L’Organisation internationale pour les migrations indique que depuis 2014, plus de 20 000 personnes ont trouvé la mort dans des naufrages le long des frontières de l’UE. Or, en mettant l’accent sur la sécurité et le respect des frontières, le nouveau « pacte sur la migration et l’asile » proposé par la Commission européenne envoie un signal clair : il est possible de sacrifier des vies humaines pour protéger le territoire de l’UE. On apprend que dans les aéroports de Lituanie, de Hongrie et de Grèce, le programme iBorderCtrl a testé l’intelligence artificielle pour détecter des mensonges. Le système posait des questions aux passagers et scannait les micro-expressions de leur visage. En cas de doute, il les orientait vers des contrôles plus poussés. Ce projet aurait reçu un financement européen. Mais  les polygraphes classiques ne sont pas fiables, et leurs conclusions sont jugées irrecevables par de nombreux tribunaux. De plus, la technologie de reconnaissance faciale et les algorithmes peuvent contenir, de façon intentionnelle ou non, des préjugés raciaux douteux. Enfin, un tel détecteur de mensonge ne tiendrait pas compte des différences dans la communication interculturelle.

Sans oublier des migrants  dont la mémoire est affectée par une expérience traumatisante, ou bien lorsqu’ils ne racontent pas leur histoire de façon linéaire.

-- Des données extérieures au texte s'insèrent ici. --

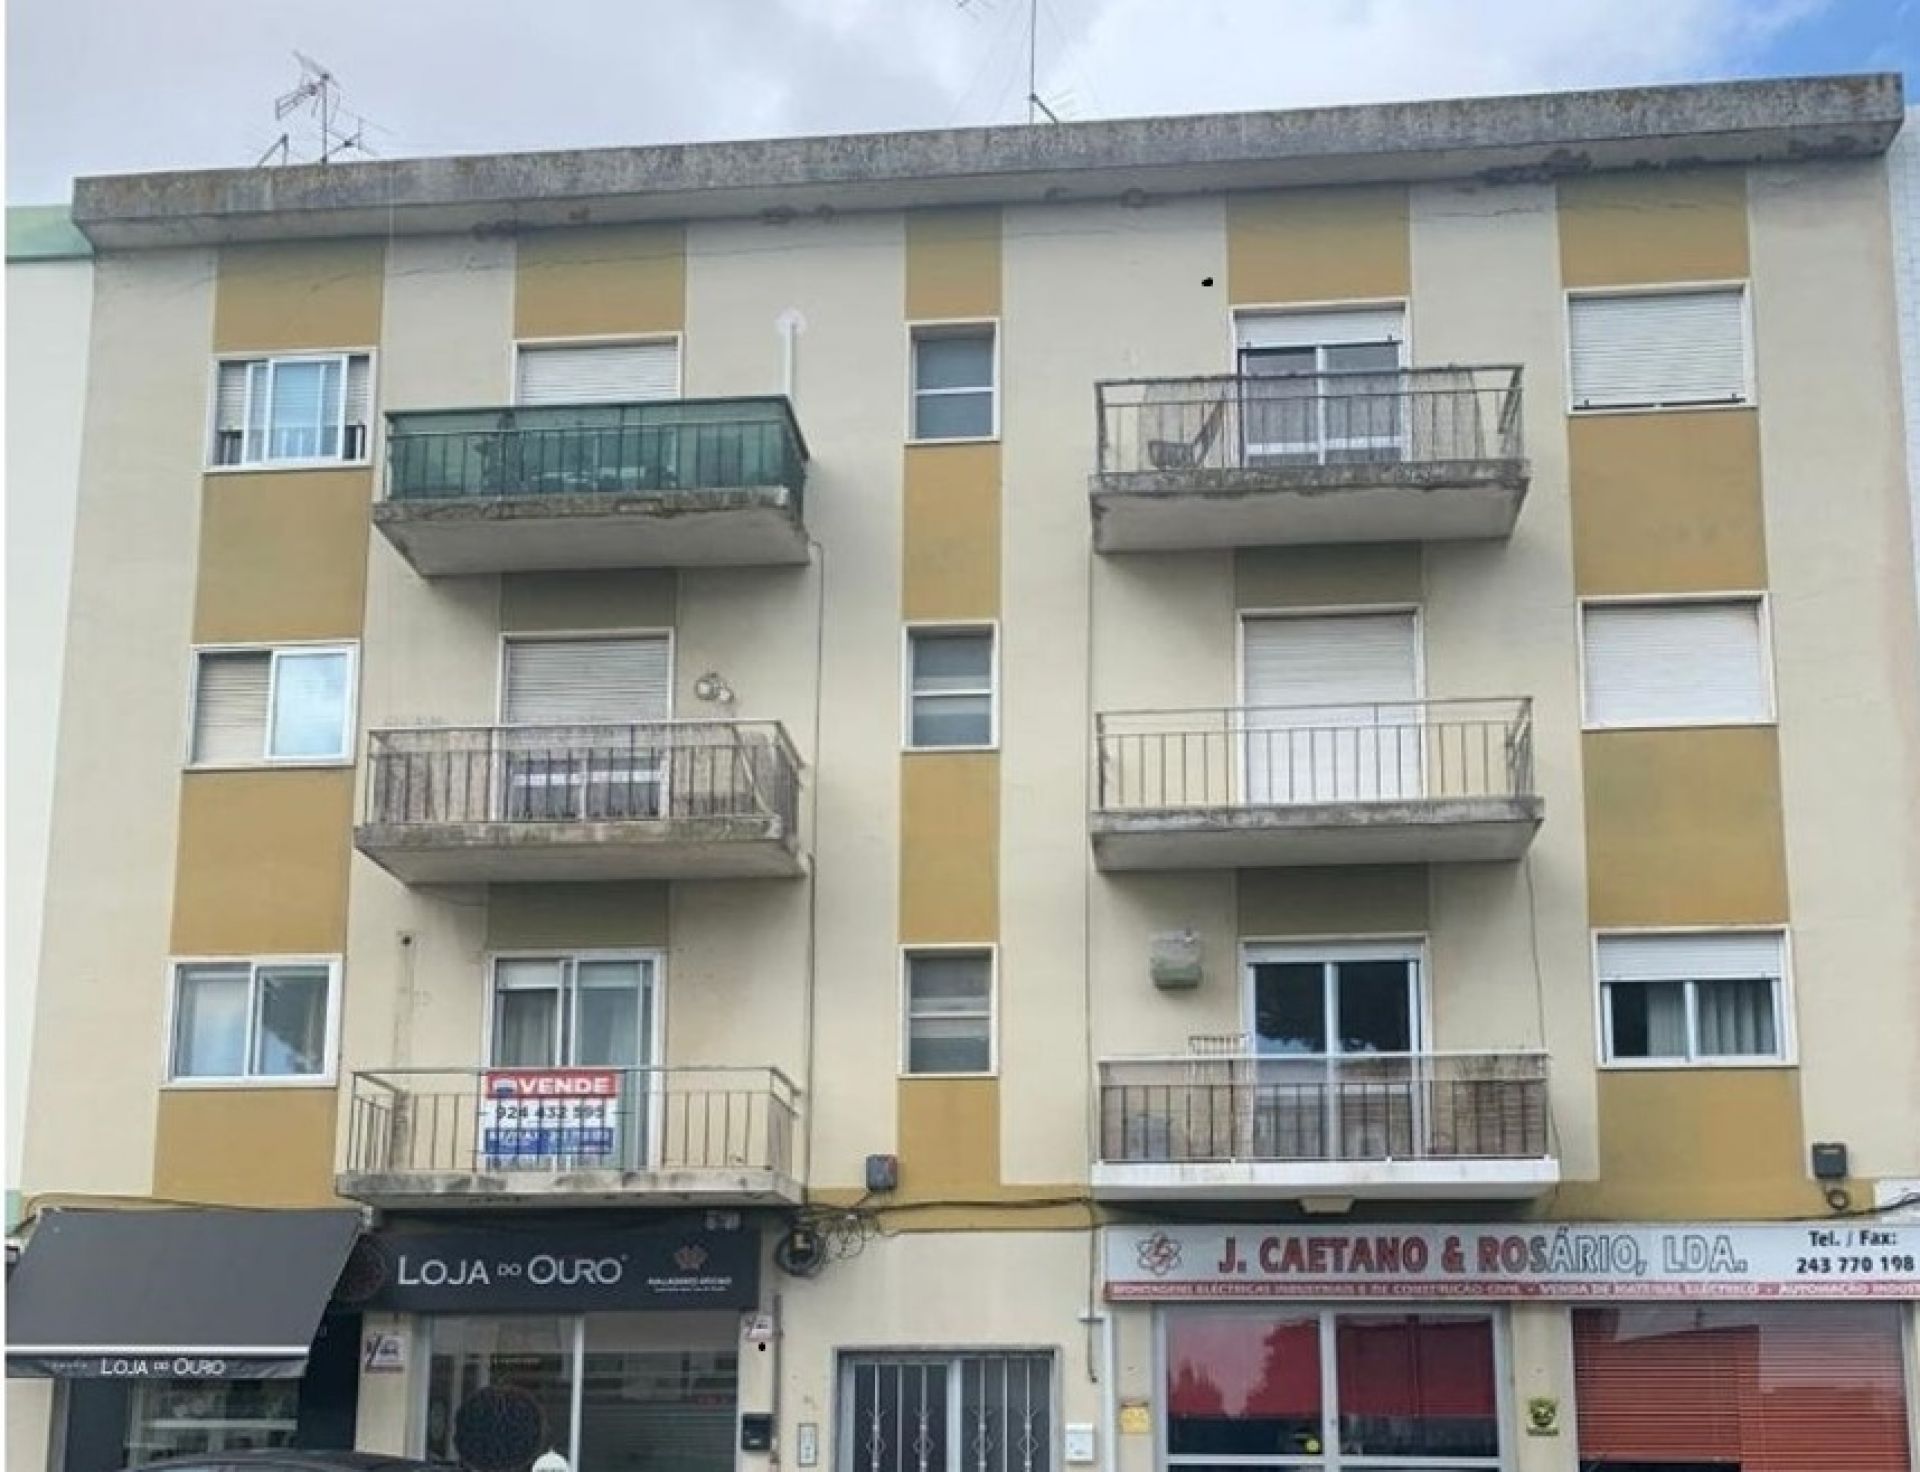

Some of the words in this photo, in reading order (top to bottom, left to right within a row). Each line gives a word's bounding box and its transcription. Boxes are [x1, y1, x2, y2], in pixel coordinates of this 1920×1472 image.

[519, 1077, 610, 1095] VENDE
[1807, 1230, 1840, 1246] Tel.
[1218, 1236, 1247, 1273] J.
[1259, 1235, 1429, 1274] CAETANO
[1441, 1235, 1465, 1273] &
[1477, 1226, 1647, 1276] ROSÁRIO,
[1662, 1235, 1748, 1273] LDA.
[1797, 1256, 1831, 1273] 243
[1837, 1256, 1873, 1273] 770
[1880, 1254, 1914, 1272] 198

Si l’algorithme ne fait que prévenir, en pratique, le cerveau humain est souvent enclin à croire que les décisions prises par un ordinateur sont plus objectives. Par conséquent, si un algorithme propose pour un contrôle un réfugié qui est déjà discriminé pour des motifs raciaux, par exemple, il sera souvent automatiquement suspect de terrorisme et devra apporter la preuve du contraire. Depuis que la pandémie a éclaté, s’est accéléré et normalisé l’emploi de nombreuses technologies de surveillance. On parle désormais de techno-solutionnisme : l’idée selon laquelle chaque problème, quel que soit son degré de complexité sociale, politique, ou encore économique, peut être résolu par la technologie. Pendant la pandémie de coronavirus, cette tendance s’est accélérée sans débat, sans un consentement éclairé, mettant au second plan la protection de la vie privée, déshumanisant et affectant la dignité humaine. Il existe également un problème juridique de responsabilité pour les technologies qui peuvent nuire à un individu, par exemple en le discriminant. Une personne négativement affectée par une innovation a peu de possibilités de faire valoir ses droits.